Tiago agarrou meus cabelos e enfiou a língua na minha boca, enquanto Jonas chupava meus peitos com força, mordendo os bicos.

— Olha esses peitos de puta… tão durinhos. Roberto, filma direito, seu corno! — gritou Tiago.

Roberto sentou na poltrona, pau pra fora, gravando close.

— Isso, amor… filma sua esposa virando puta de motel — falei, olhando pra câmera. — Mostra como eu engulo rola preta enquanto você bate punhetinha.

Tiago tirou o pauzão — 24cm, grosso, veioso, cabeça roxa brilhando — e bateu na minha cara.

— Chupa, safada. Mostra pro seu corno como você mama gostoso.

Eu caí de joelhos, babando. Engoli metade, engasgando, olhos lacrimejando.

— Gluck… gluck… tá tão grande… muito maior que o do Roberto… eu amo rola preta! — gemia entre chupadas.

Jonas se ajoelhou atrás, enfiou a língua na minha buceta e depois meteu o pauzão de uma vez.

— Aaaaiiihh! Que rola grossa! Tá abrindo minha bucetinha de casada! — gritei.

— Toma, vadia! Essa buceta agora é nossa — rosnou Jonas, metendo forte, tapa na bunda. — Roberto, olha como sua mulher tá sendo destruída. Ela nasceu pra isso!

Eles me foderam de quatro por um tempo, trocando de buraco. Depois me colocaram de lado: Tiago na buceta, Jonas no cu.

— Devagar no cu… aaaahhh… tá rasgando meu cuzinho… mas não para! — implorei, empurrando pra trás.

— Cala a boca e toma as duas rolas, puta — disse Tiago, apertando meu pescoço levemente. — Seu marido tá ali babando, vendo a esposa ser duplamente arrombada por negão. Diz pra ele como é bom.

— Roberto… amor… é muito melhor que você… eles me enchem toda… eu sou uma puta barata agora… me humilha mais, negão! — gemia alto.

Eles me viraram de cavalo, eu cavalgando Tiago enquanto chupava Jonas. Diálogos não paravam:

— Isso, rebola nessa rola preta, branquinha de corno manso! — ordenava Jonas.

— Olha pro seu corno e diz que você prefere rola preta pra sempre! — mandou Tiago.

— Eu prefiro rola preta pra sempre! Seu pintinho nunca mais vai me satisfazer, Roberto! — gritei, gozando forte, squirting na barriga de Tiago.

Dupla penetração na buceta depois, esticando ao limite. Eu tremia, suada, maquiagem borrada, corpo cheio de marcas vermelhas.

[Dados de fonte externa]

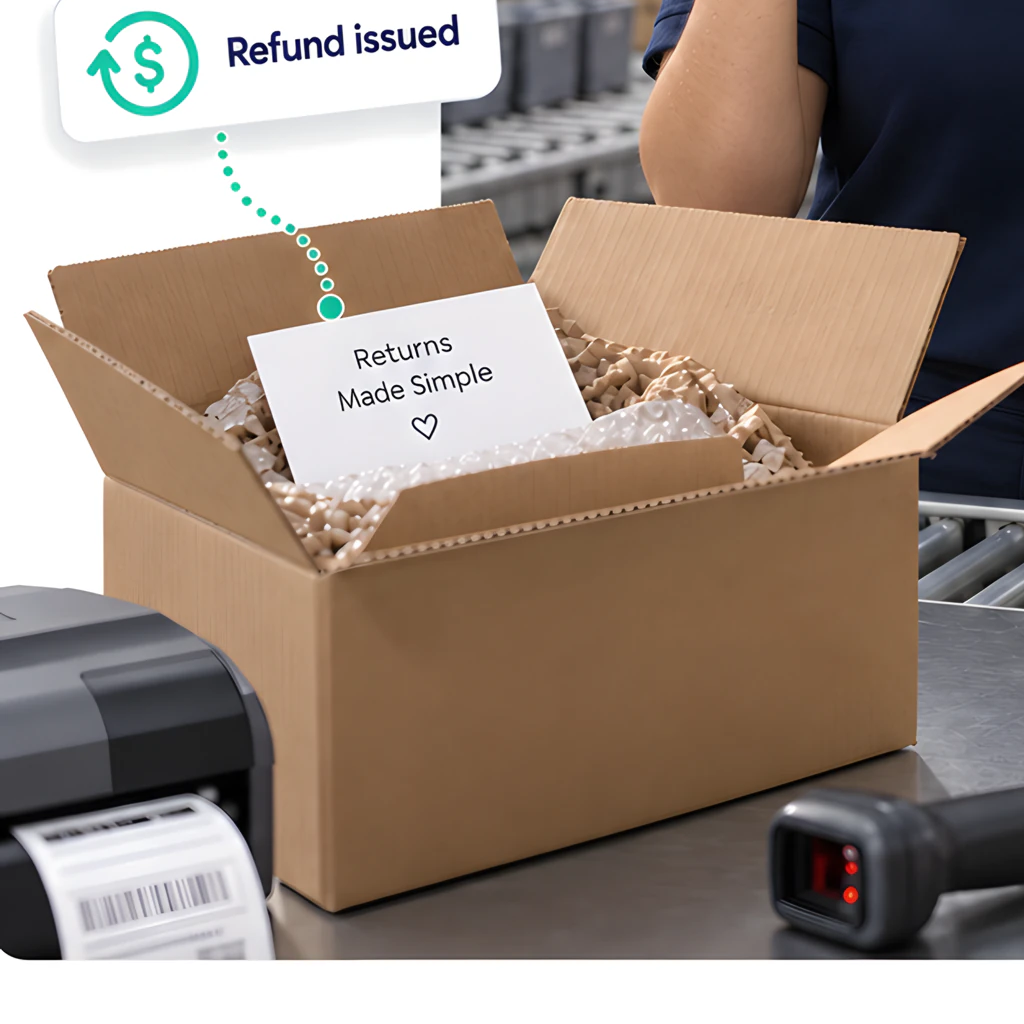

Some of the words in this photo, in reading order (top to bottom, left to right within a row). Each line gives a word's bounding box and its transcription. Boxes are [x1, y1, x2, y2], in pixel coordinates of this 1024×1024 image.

— Enche minha buceta de porra preta! Quero vazar pra meu marido limpar depois! — implorava.

Tiago gozou primeiro, jatos grossos quentes enchendo meu útero. Jonas logo depois no cu, transbordando.

Quando tiraram, eu abri as pernas pra câmera:

— Olha, Roberto… seus buracos de puta cheios de porra preta. Lambê agora, corno.

Roberto se aproximou, filmando close enquanto lambia tudo. Depois me fodeu na cama melada, enquanto eu contava cada detalhe humilhante.

Essa é a nova Larissa. Sem limites, cada vez mais puta da negada, cada vez mais viciada. E o Roberto? Cada vez mais corno feliz.